Mexican authorities angry over treatment of nationals
From what's being shown on TV reports here, seems like Mexicans are being held in medieval dungeons in China. Canadian students under H1N1 quarantine in that country may be getting good treatment, according to my colleague Bill Schiller, but not so Mexicans. Media reports here are full of what happened to an AeroMexico planeload of Mexicans who arrived on the weekend in Beijing, to be whisked by ambulance to a hotel and quarantined for swine flu. Last night, television reports showed conditions in one hotel with filthy bathrooms, no water, poor food and confinement so difficult, one woman said over the telephone: "We're being treated as if we have the plague." (I apologize for lack of TV links; I'm far from the capital and holding on to my Internet connection by a thread.)
The Mexican government has chartered an AeroMexico plane to rescue and estimated 70 tourists from Beijing, Shanghai, Guangzhou and Hong Kong, opening up the flight to any Mexican who wants to get out of China. There will be huge celebrations when it arrives tomorrow afternoon at the international airport in the capital.
Anger has been building in this country for days over how Mexico is being treated. Several countries have cancelled flights - Peru, Ecuador, Cuba and Argentina. Cuba is a special irritant because Mexico has been one of the country's staunchest supporters against the U.S. embargo. Argentinian Ambassador Jorge Yoma apologized yesterday, but many Mexicans shrugged it off, believing (to generalize wildly) Argentinians feel superior to them at the best of times. There are reports of verbal aggression against Mexicans in the U.S. and officials refer to unwarranted discrimination and a special xenophobic paranoia against Mexicans abroad. There's a diplomatic row with China, with complaints yesterday at the United Nations.
These feelings of being discriminated against always seem close to the surface here - a sense the rest of the world doesn't regard Mexico or its citizens with respect. This will not be forgotten.

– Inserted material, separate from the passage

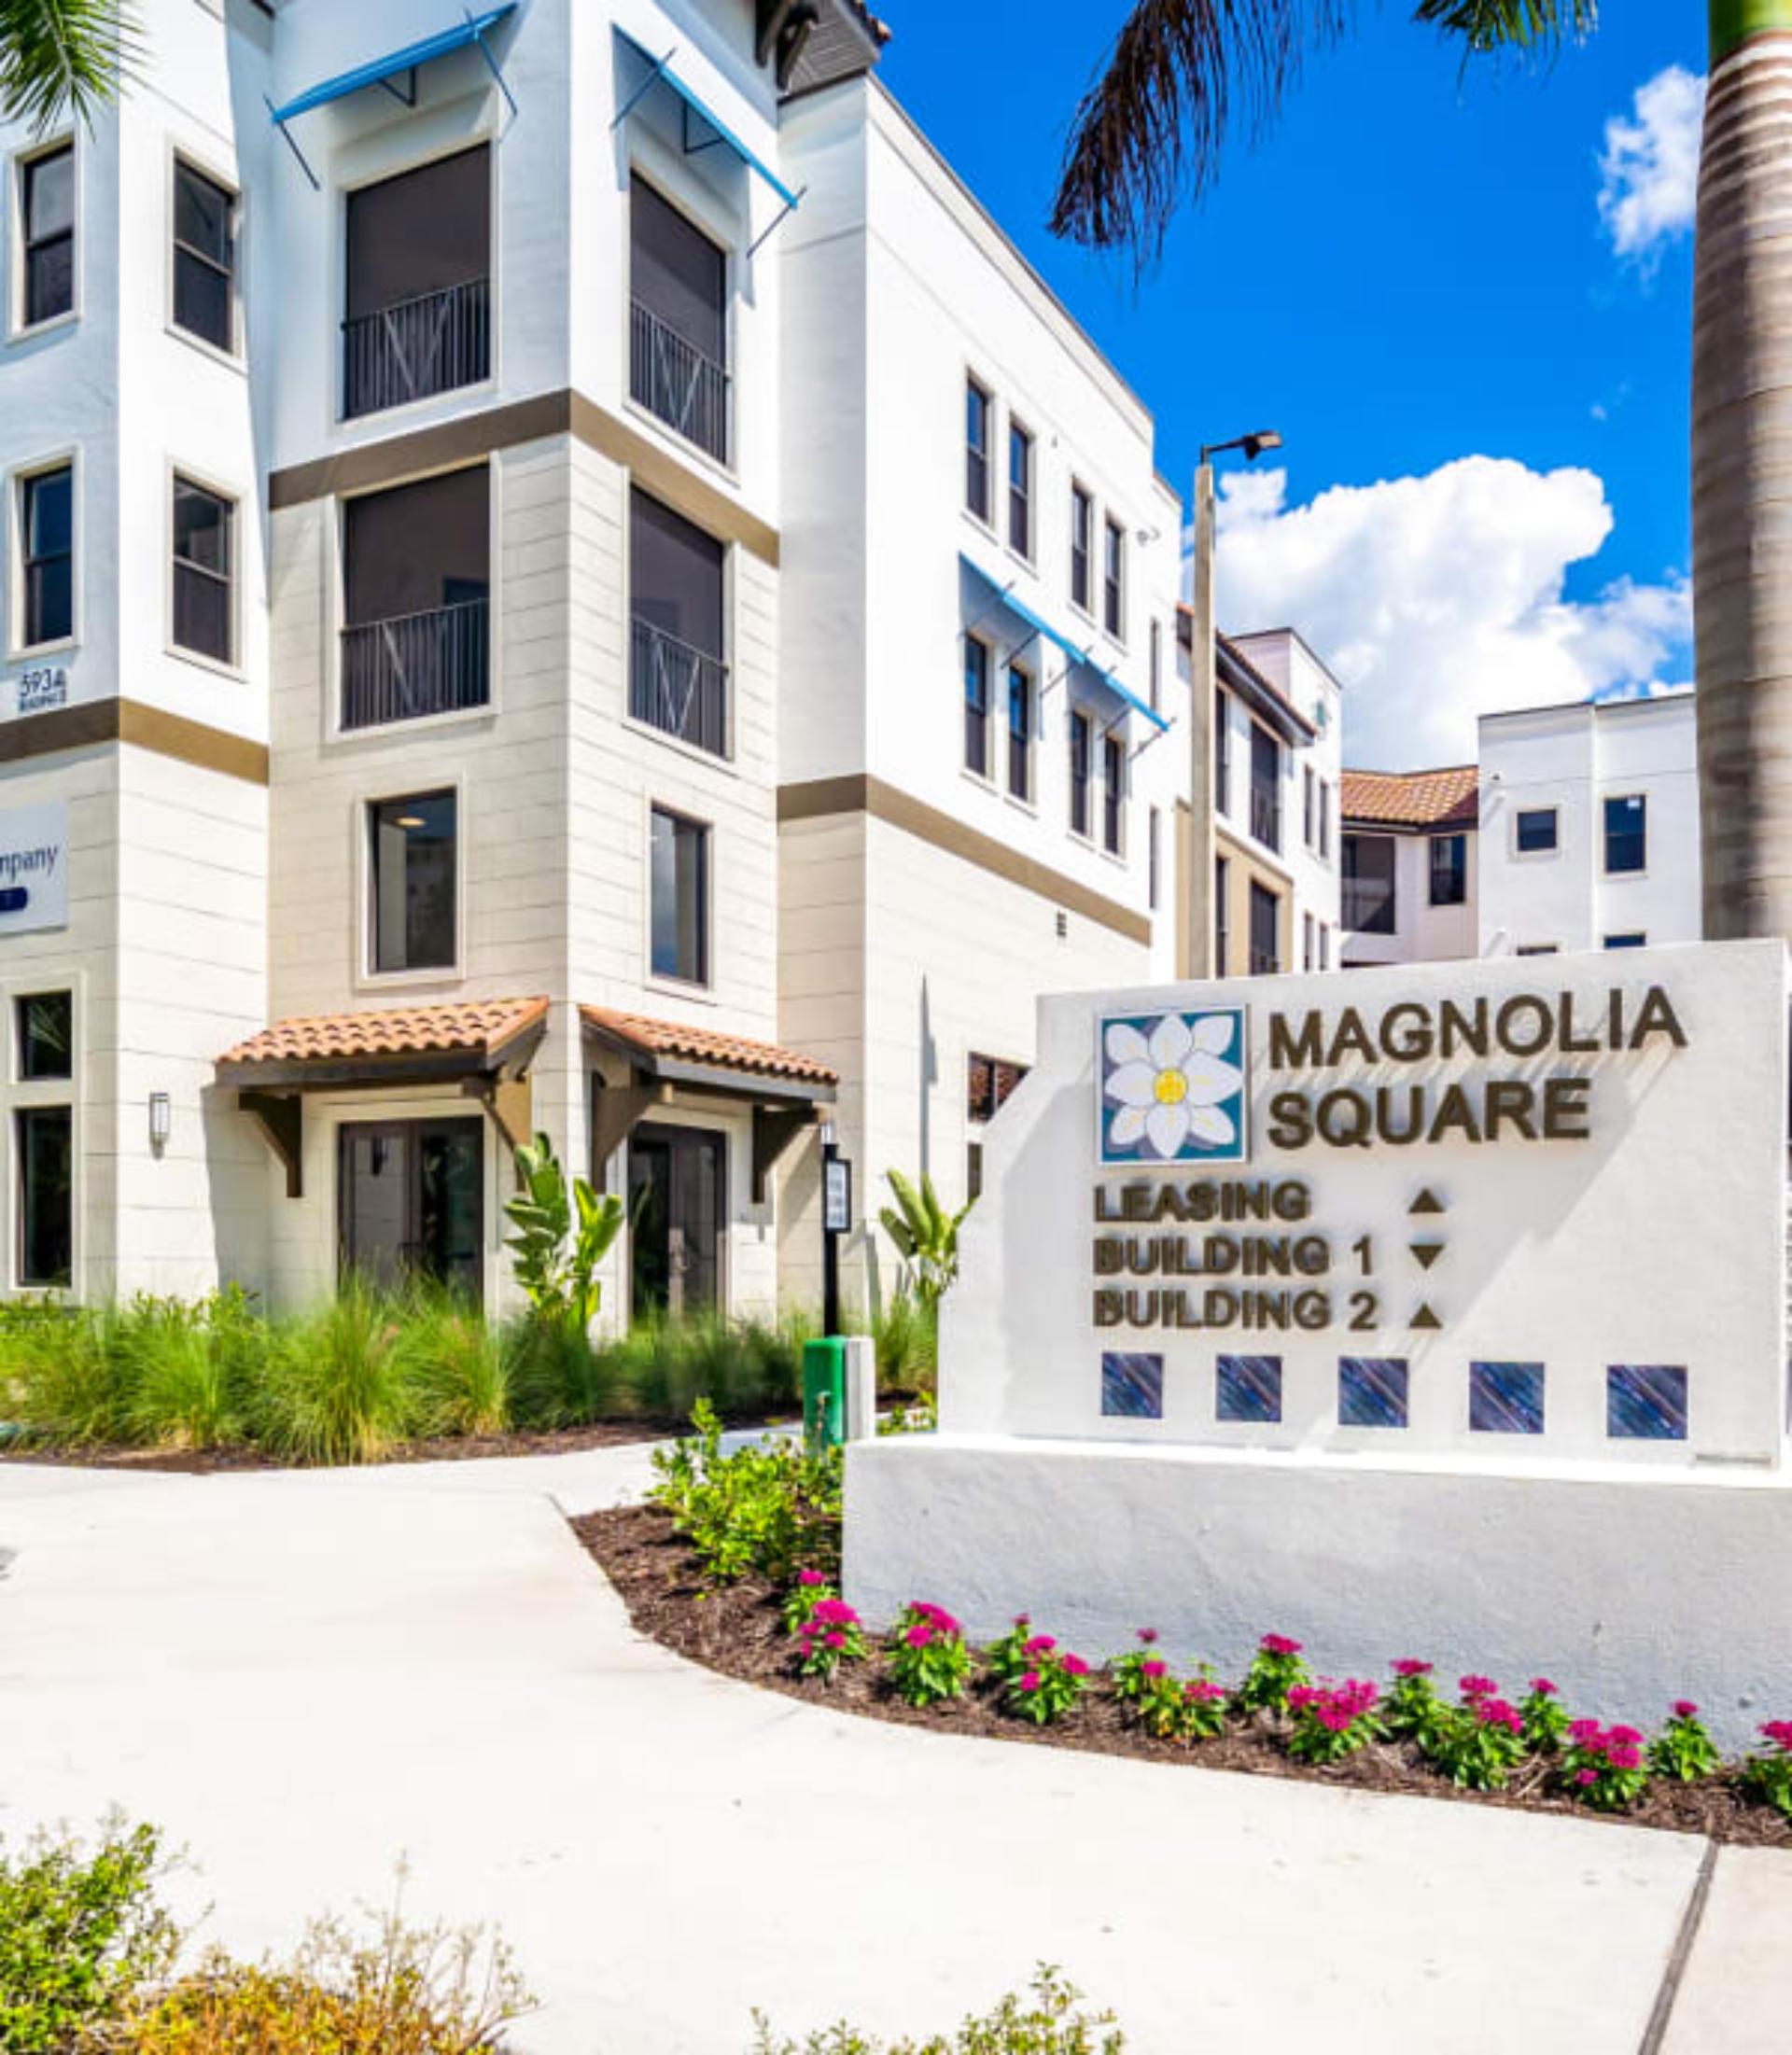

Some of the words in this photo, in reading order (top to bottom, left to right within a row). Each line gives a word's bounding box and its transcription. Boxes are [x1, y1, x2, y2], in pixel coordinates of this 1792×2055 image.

It is worth noting country-by-country media charts on swine flu reaction show the government of Canada has acted well, issuing only a travel advisory against travel to Mexico. President Felipe Calderon speaks often of co-operation with both U.S. President Barack Obama and PM Stephen Harper.
* * *
From my own swine flu coverage diary, Friday was a special day. Photographer Carlos Osorio and I arrived in Acapulco by the seat of our pants to file on Toronto Star deadline. Just as we signed on to the Internet at our hotel, an earthquake struck near Acapulco. Not serious in terms of loss of life, but it knocked us off the Internet. Naturally, I took it personally. Sure, said editors on the desk about my late file: an earthquake.
* * *
Now that things are returning to relative normality in this country - schools opening either tomorrow or next Monday - Mexicans can return to wrestling and boxing news and the soap opera craze that is so important. It's great, for example, to know Mexican-American boxing icon Cesar Chavez has launched a new energy drink.
Personally, I am thrilled Alma Rebelde has regained its rightful importance in life. I too agree Ana Cristina is as arrogant as she is beautiful.